IF civilisation were to fall tomorrow as a result of the kind of meteor attack that supposedly killed the dinosaurs, future archaeologists would discover a landscape littered with almost indestructible It Bags.
It is the received wisdom handed down from my mother that a good handbag makes the outfit but there is "good" and there is Burberry's new $25,000 gold alligator bag, which is not even the most expensive currently available. You could, for example, spend $55,000 on an Hermes crocodile bag, the clasp of which is encrusted in diamonds.
As designer fakes proliferate, handbag makers have aggressively put up their prices.
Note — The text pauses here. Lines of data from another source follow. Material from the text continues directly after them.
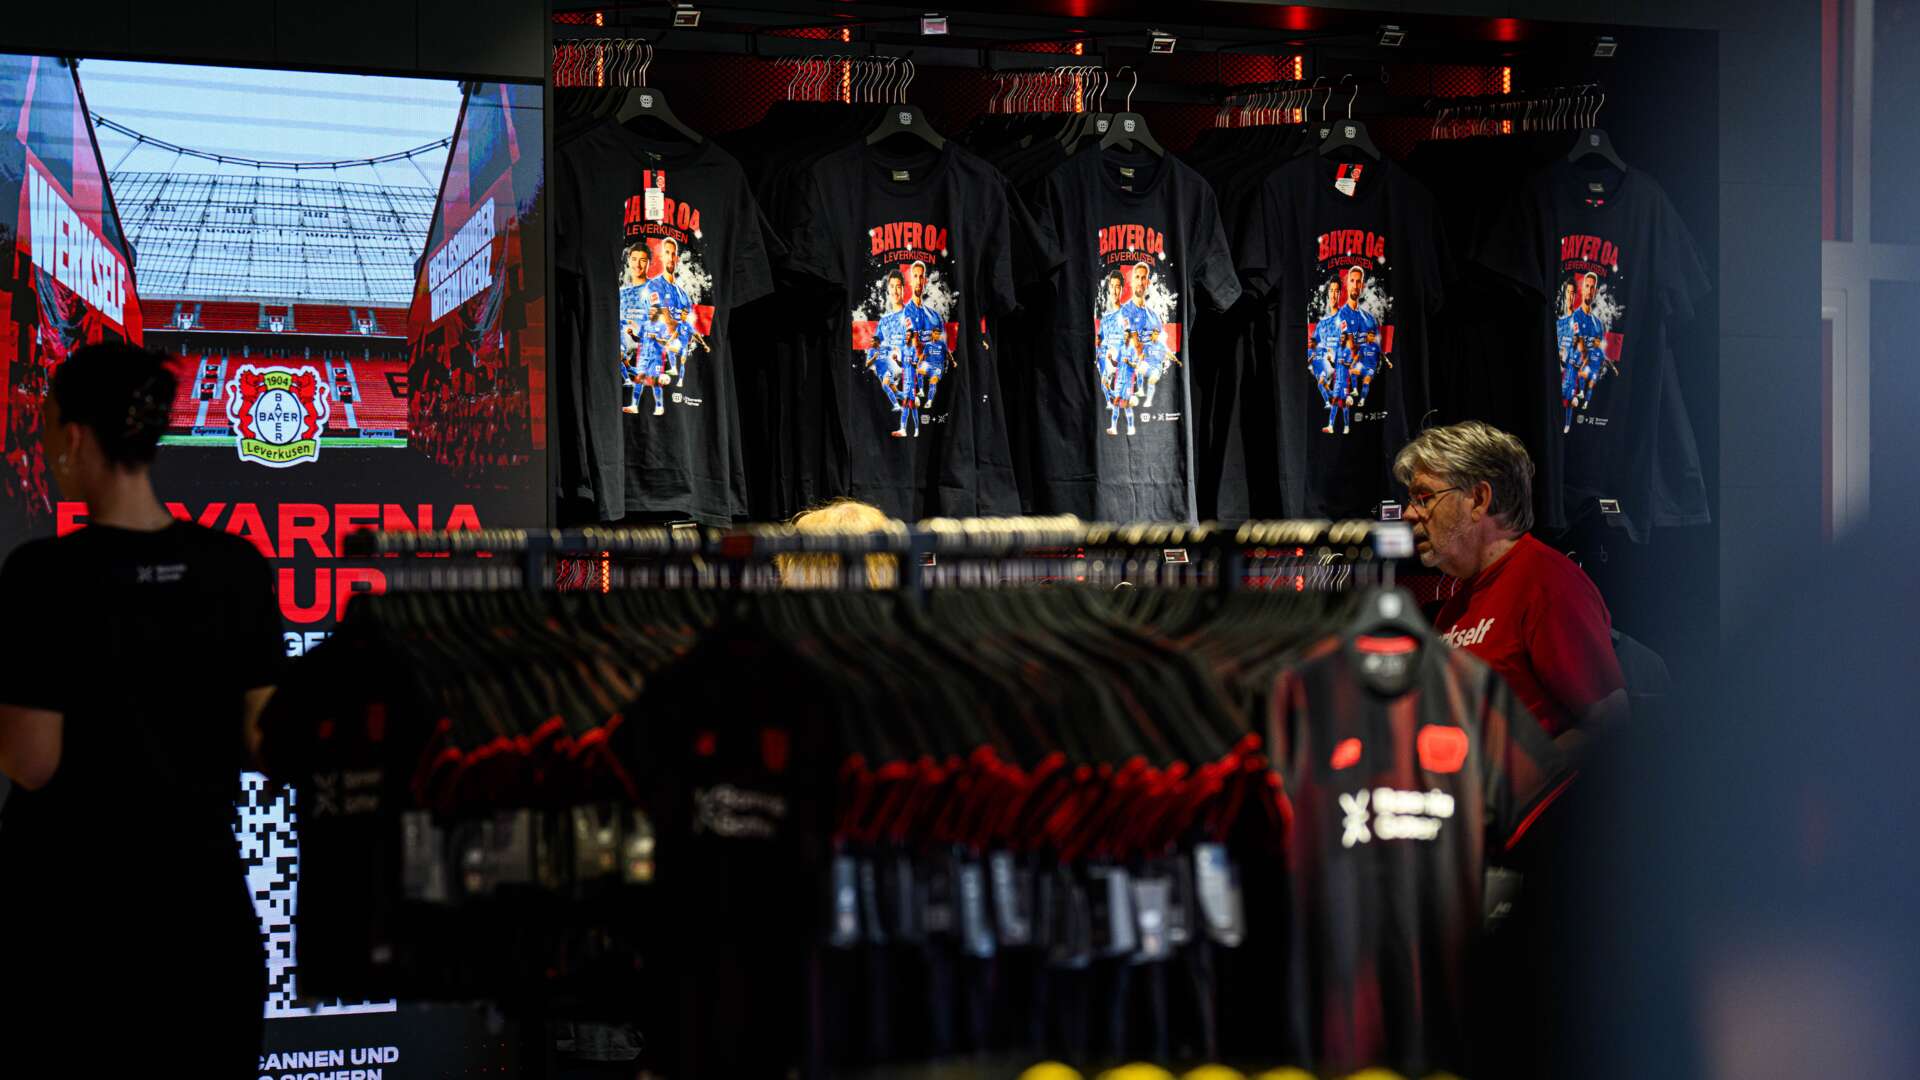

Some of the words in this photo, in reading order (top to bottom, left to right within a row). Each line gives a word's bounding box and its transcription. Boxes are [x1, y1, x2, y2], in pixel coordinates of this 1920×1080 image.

[623, 195, 676, 228] BAR
[677, 202, 701, 232] 04
[29, 163, 126, 326] WERKSELF
[626, 223, 689, 244] LEVERKUSEN
[871, 221, 923, 257] BAYER
[924, 224, 947, 251] 04
[1099, 224, 1145, 257] BAYER
[1146, 227, 1164, 254] 04
[1318, 229, 1364, 263] BAYER
[1365, 231, 1385, 259] 04
[884, 250, 936, 265] LEVERKUSEN
[1107, 250, 1156, 268] LEVERKUSEN
[1561, 234, 1601, 262] BAYER
[1601, 240, 1619, 266] 04
[267, 376, 288, 387] 1904
[259, 412, 298, 422] BAYER
[274, 393, 283, 441] BAYER
[247, 442, 311, 460] Leverkusen
[57, 501, 494, 558] YARENA
[276, 568, 388, 624] UP
[282, 631, 337, 658] GE
[1438, 617, 1496, 649] rkself
[350, 1046, 400, 1065] UND
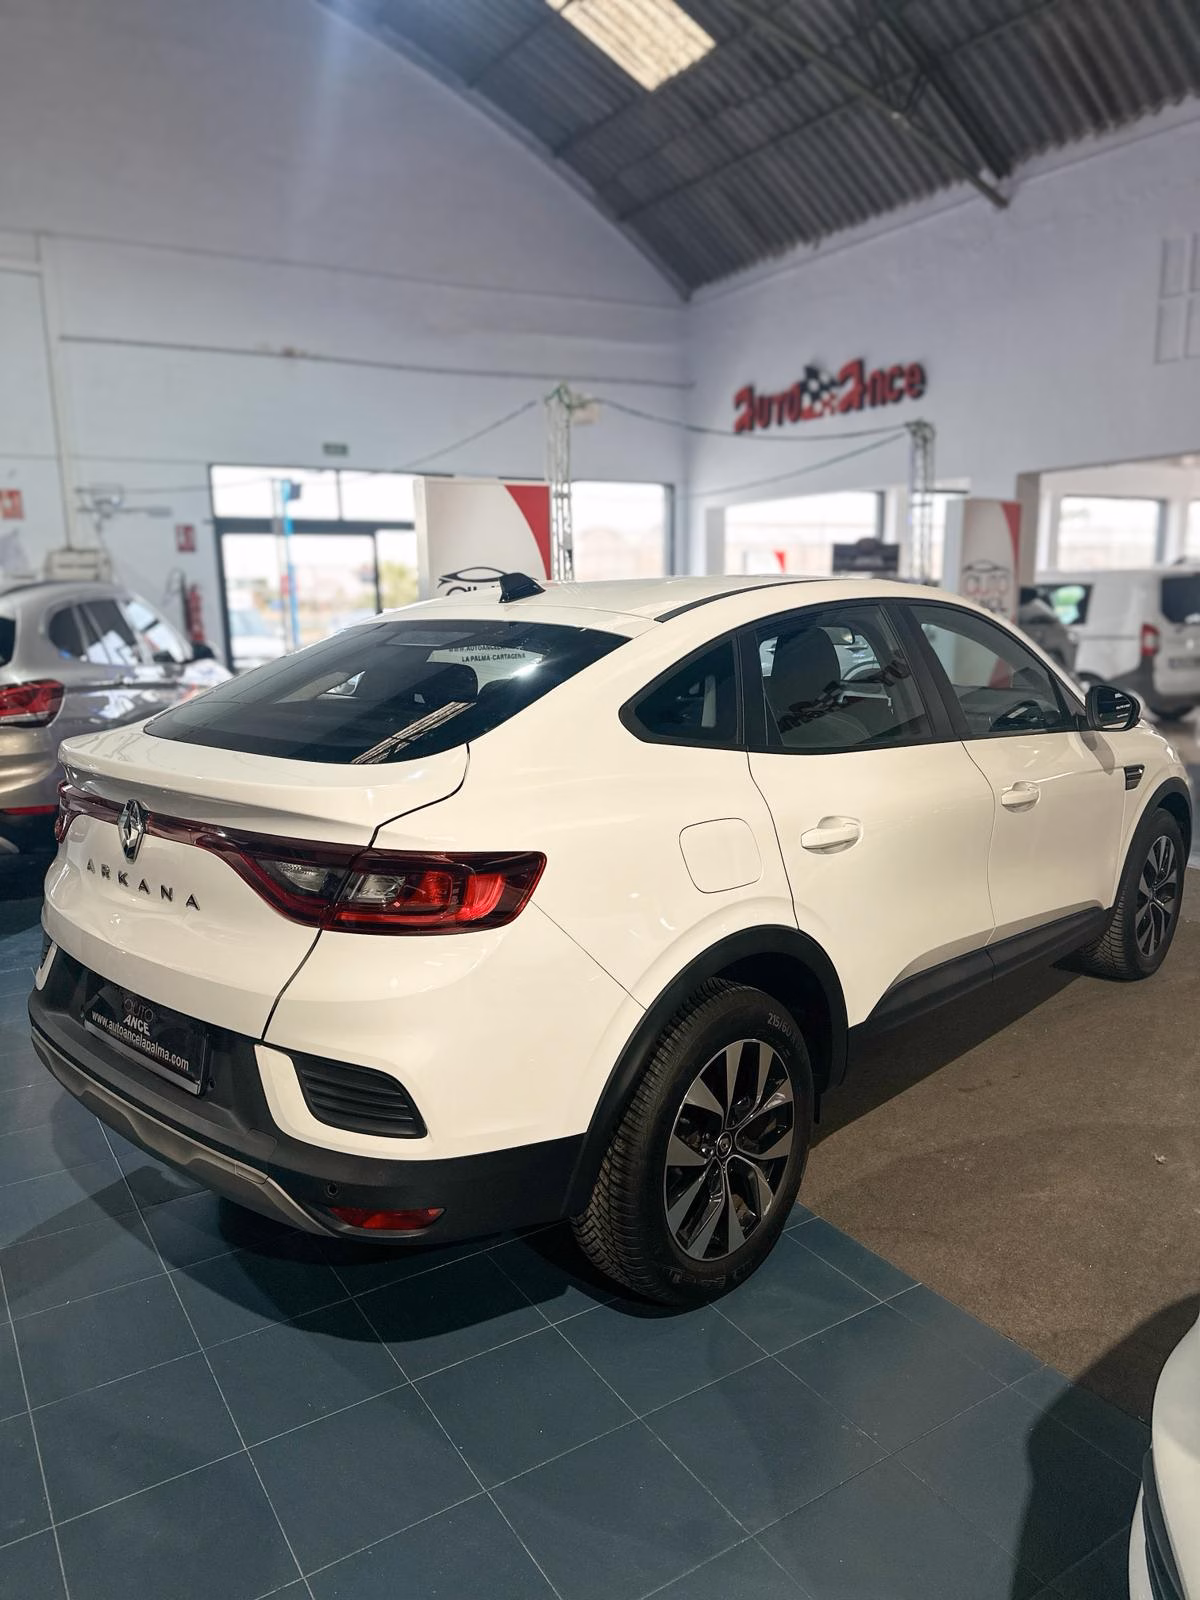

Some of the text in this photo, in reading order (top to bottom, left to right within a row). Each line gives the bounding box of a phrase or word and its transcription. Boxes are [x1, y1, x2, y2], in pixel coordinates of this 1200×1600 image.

One day last year at the stroke of noon, Chanel put up the prices of all its bags by 20 per cent.
The purchase of bags far beyond the income of the average woman has become a frenzy, for there is no fashion for cheap, disposable bags. Instead, there are vastly expensive disposable bags. Twenty-year-olds in the US, for example, on $27,000-a-year are going into credit card debt to buy $2,000 bags they have seen on the arm of Victoria Beckham or Keira Knightley, who did not, of course, pay for them.
These bags will be hopelessly out-of-date by the end of the season.
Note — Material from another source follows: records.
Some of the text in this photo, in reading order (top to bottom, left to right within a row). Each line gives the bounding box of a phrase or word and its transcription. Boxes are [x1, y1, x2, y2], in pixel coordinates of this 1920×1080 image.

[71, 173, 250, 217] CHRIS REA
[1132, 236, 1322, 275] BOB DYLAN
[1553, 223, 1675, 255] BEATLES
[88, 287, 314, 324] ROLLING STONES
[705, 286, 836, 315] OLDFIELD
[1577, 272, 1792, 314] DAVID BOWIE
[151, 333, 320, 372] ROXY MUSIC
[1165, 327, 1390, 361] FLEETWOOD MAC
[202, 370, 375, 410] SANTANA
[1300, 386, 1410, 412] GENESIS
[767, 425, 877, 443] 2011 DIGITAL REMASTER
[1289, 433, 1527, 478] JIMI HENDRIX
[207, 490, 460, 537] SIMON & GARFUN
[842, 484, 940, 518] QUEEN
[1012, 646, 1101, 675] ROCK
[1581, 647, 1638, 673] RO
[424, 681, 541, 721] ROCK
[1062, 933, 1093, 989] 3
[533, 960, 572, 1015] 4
Even a decade ago, a woman bought a bag and carried it until it looked shabby, or she bought one of the lifetime classics such as the Chanel quilted 2.55. No one cared about bags and there were none on the catwalks.
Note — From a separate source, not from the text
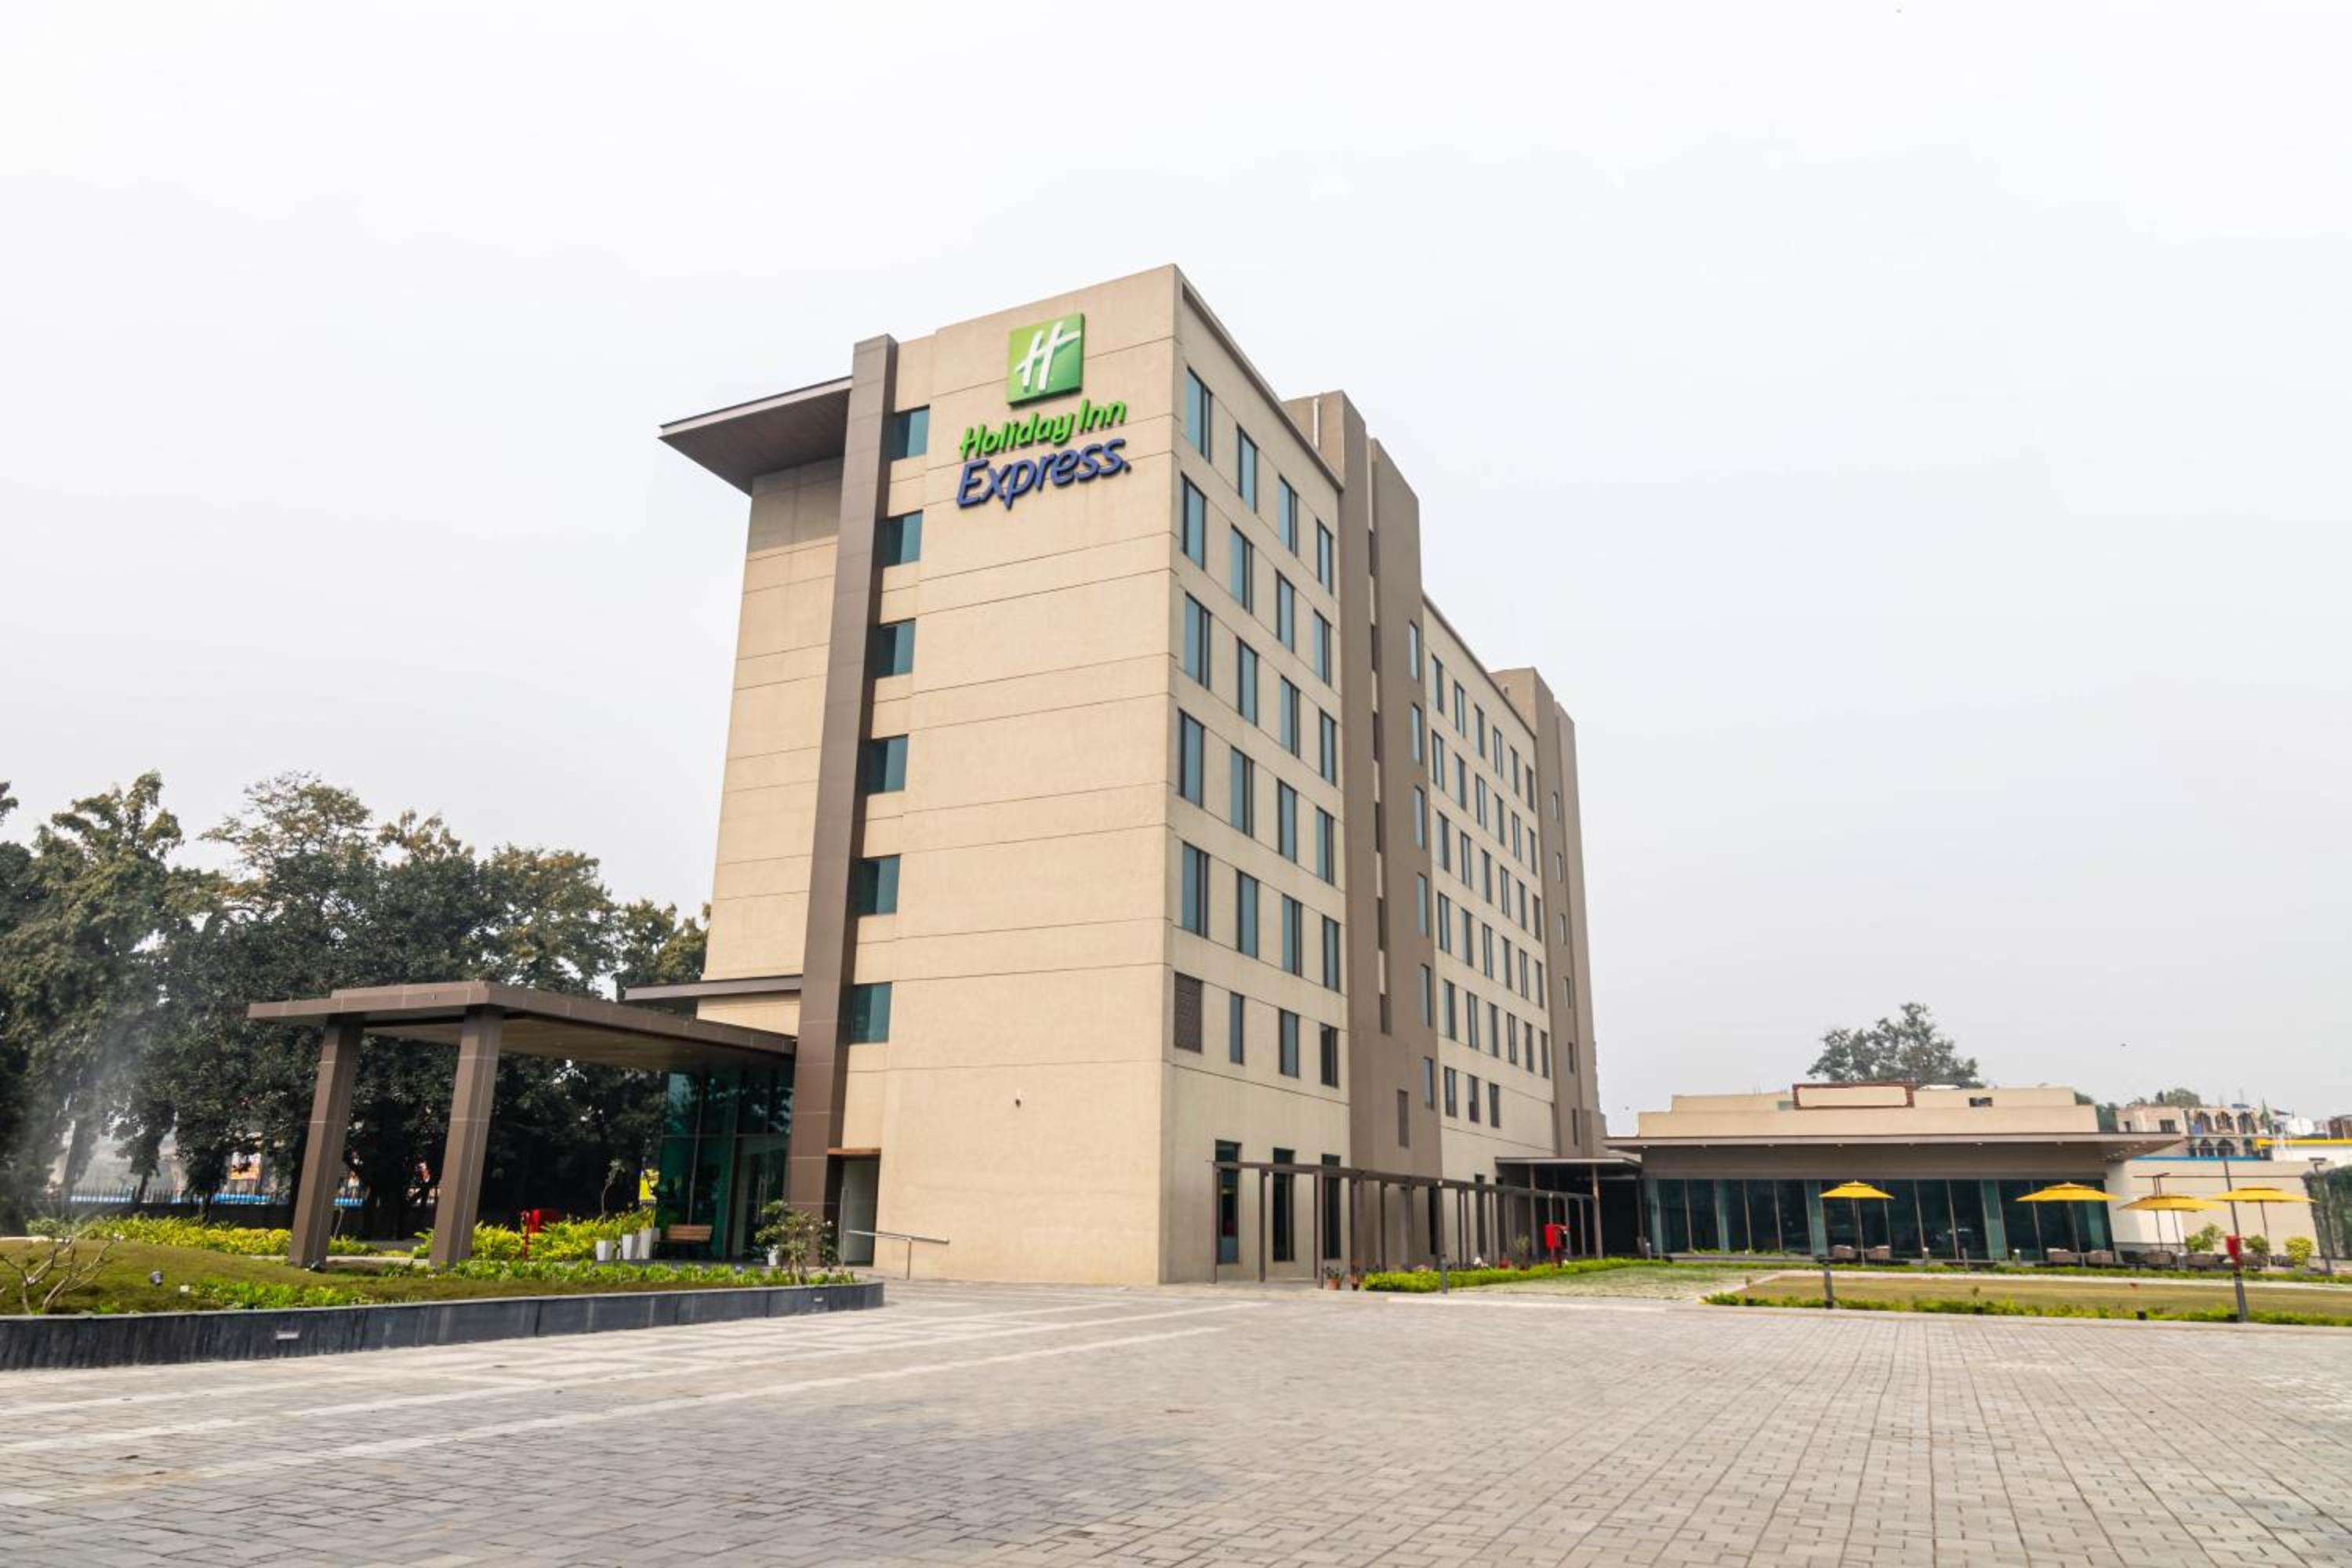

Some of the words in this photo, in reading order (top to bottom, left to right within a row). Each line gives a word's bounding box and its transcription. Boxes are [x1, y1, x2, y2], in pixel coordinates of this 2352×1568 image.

The luxury accessories market is now financing high fashion; couture can only exist because enough women are prepared to buy an Yves St Laurent Tribute bag. You don't need to be a size zero to carry exactly the same bag as Kate Moss, you do not have to despair because Burberry is out of your size. Shops love them for the same reason - they take up less space in the stock room.
The handbag announces your status: if you carry an Hermes Birkin it is because you have endured its legendary three-year waiting list. It all feels like 17th-century tulip fever: 2008 will, mark my words, be the year of the $100,000 bag.